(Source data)
▼
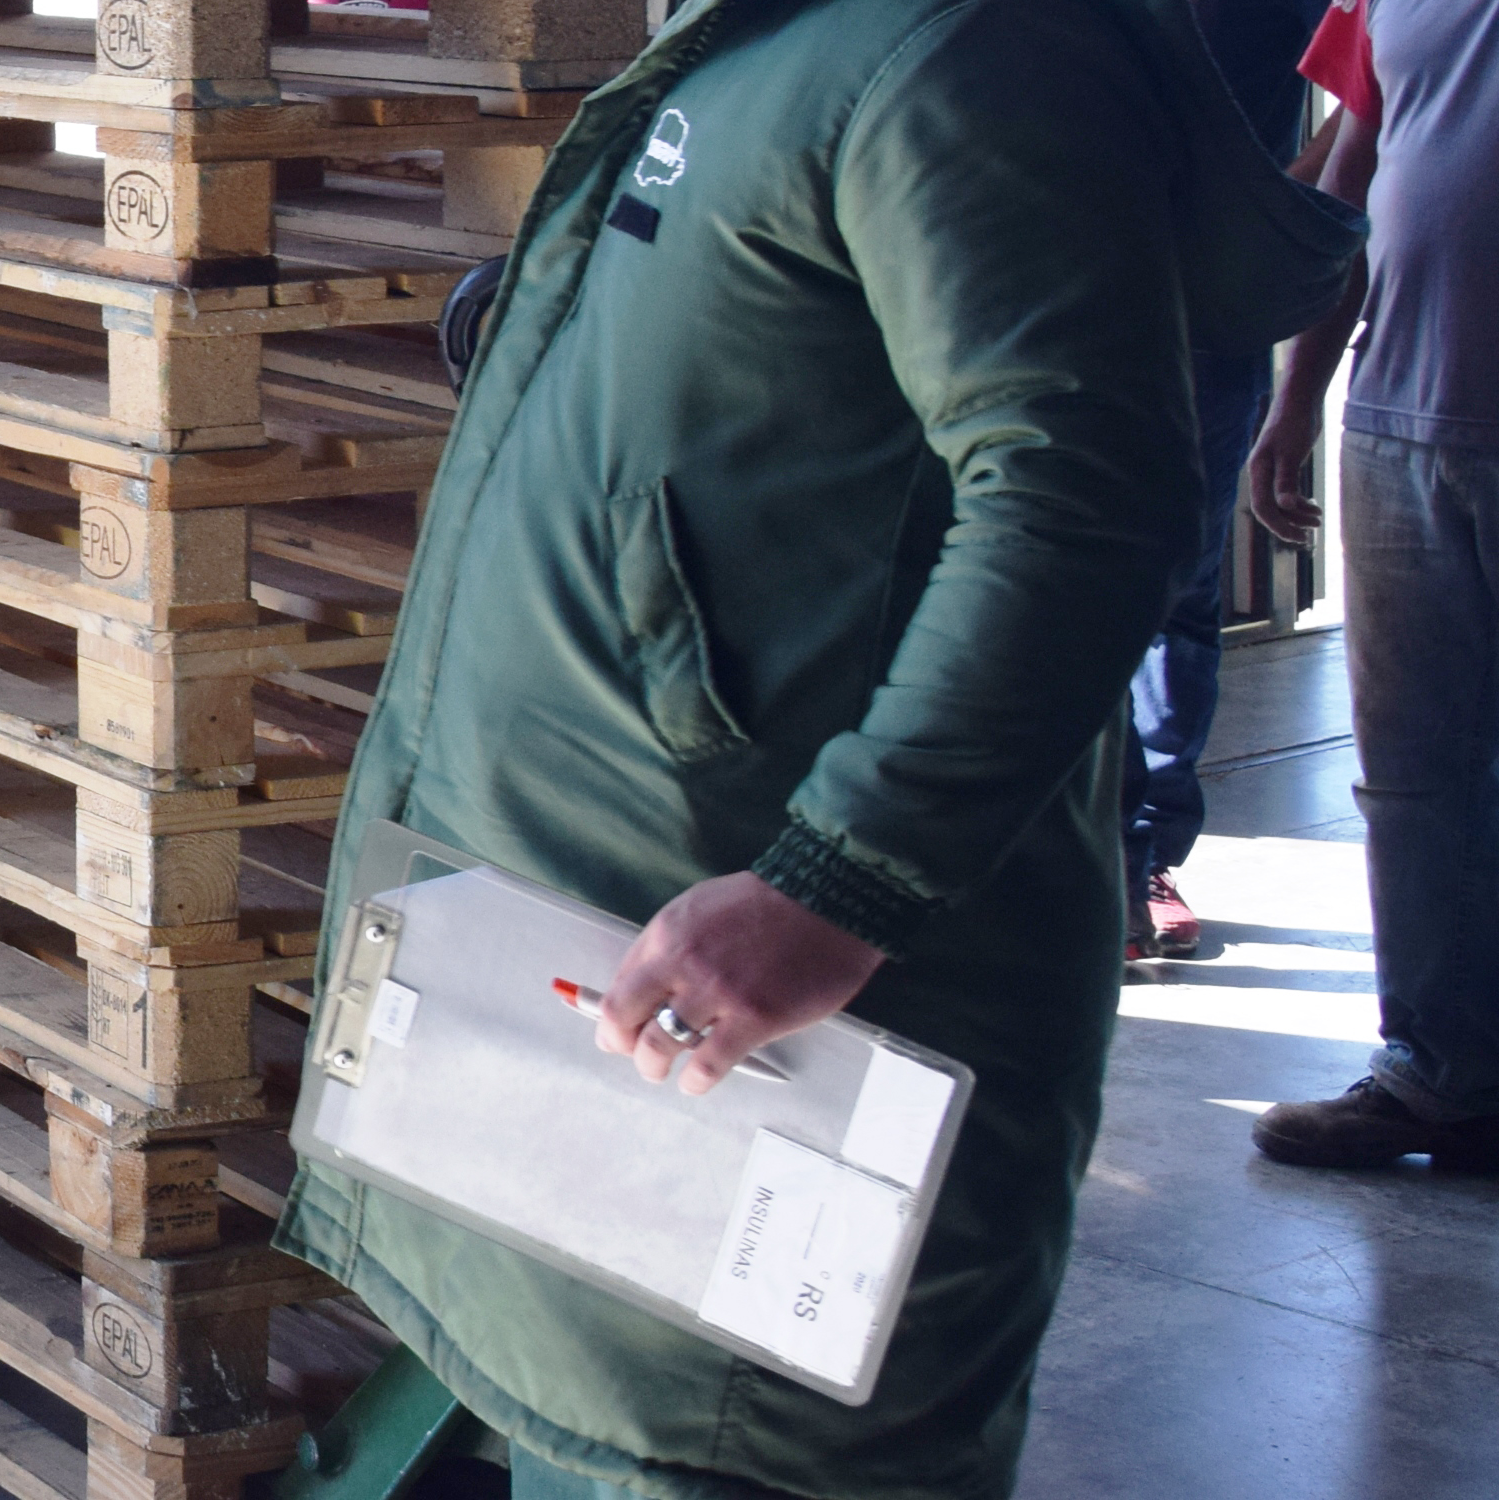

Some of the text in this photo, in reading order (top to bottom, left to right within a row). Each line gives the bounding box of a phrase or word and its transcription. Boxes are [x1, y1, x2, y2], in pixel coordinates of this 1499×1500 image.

[107, 14, 152, 53] EPAL
[117, 185, 160, 229] EPAL
[731, 1185, 775, 1281] INSULINAS
[793, 1281, 825, 1323] RS
[101, 1309, 144, 1371] EPAL
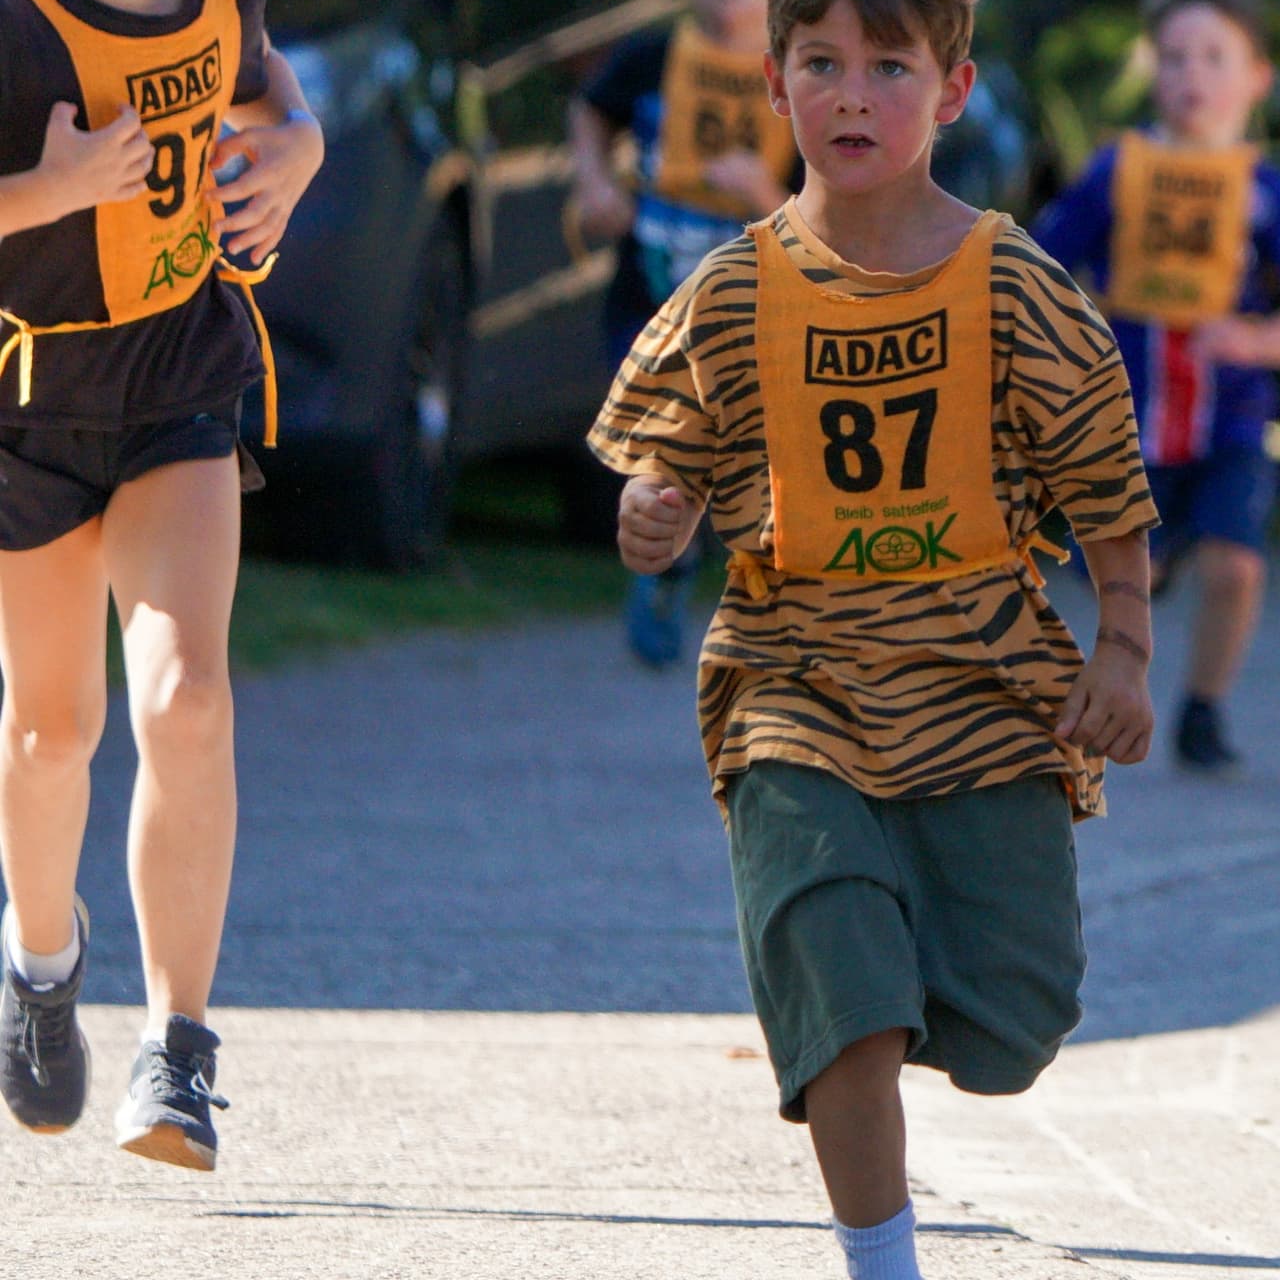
▲
[Task details]:
Every record above should be written out again exactly; the pictures stay out of the copy.

[Answer]:
Some of the text in this photo, in reading order (top to bottom, left to right within a row). Each line gives the bounding box of a phrase or word and its transcription. Boxes are [x1, y1, x2, y2], in pixel coordinates of this 1499×1500 image.

[107, 14, 152, 53] EPAL
[117, 185, 160, 229] EPAL
[731, 1185, 775, 1281] INSULINAS
[793, 1281, 825, 1323] RS
[101, 1309, 144, 1371] EPAL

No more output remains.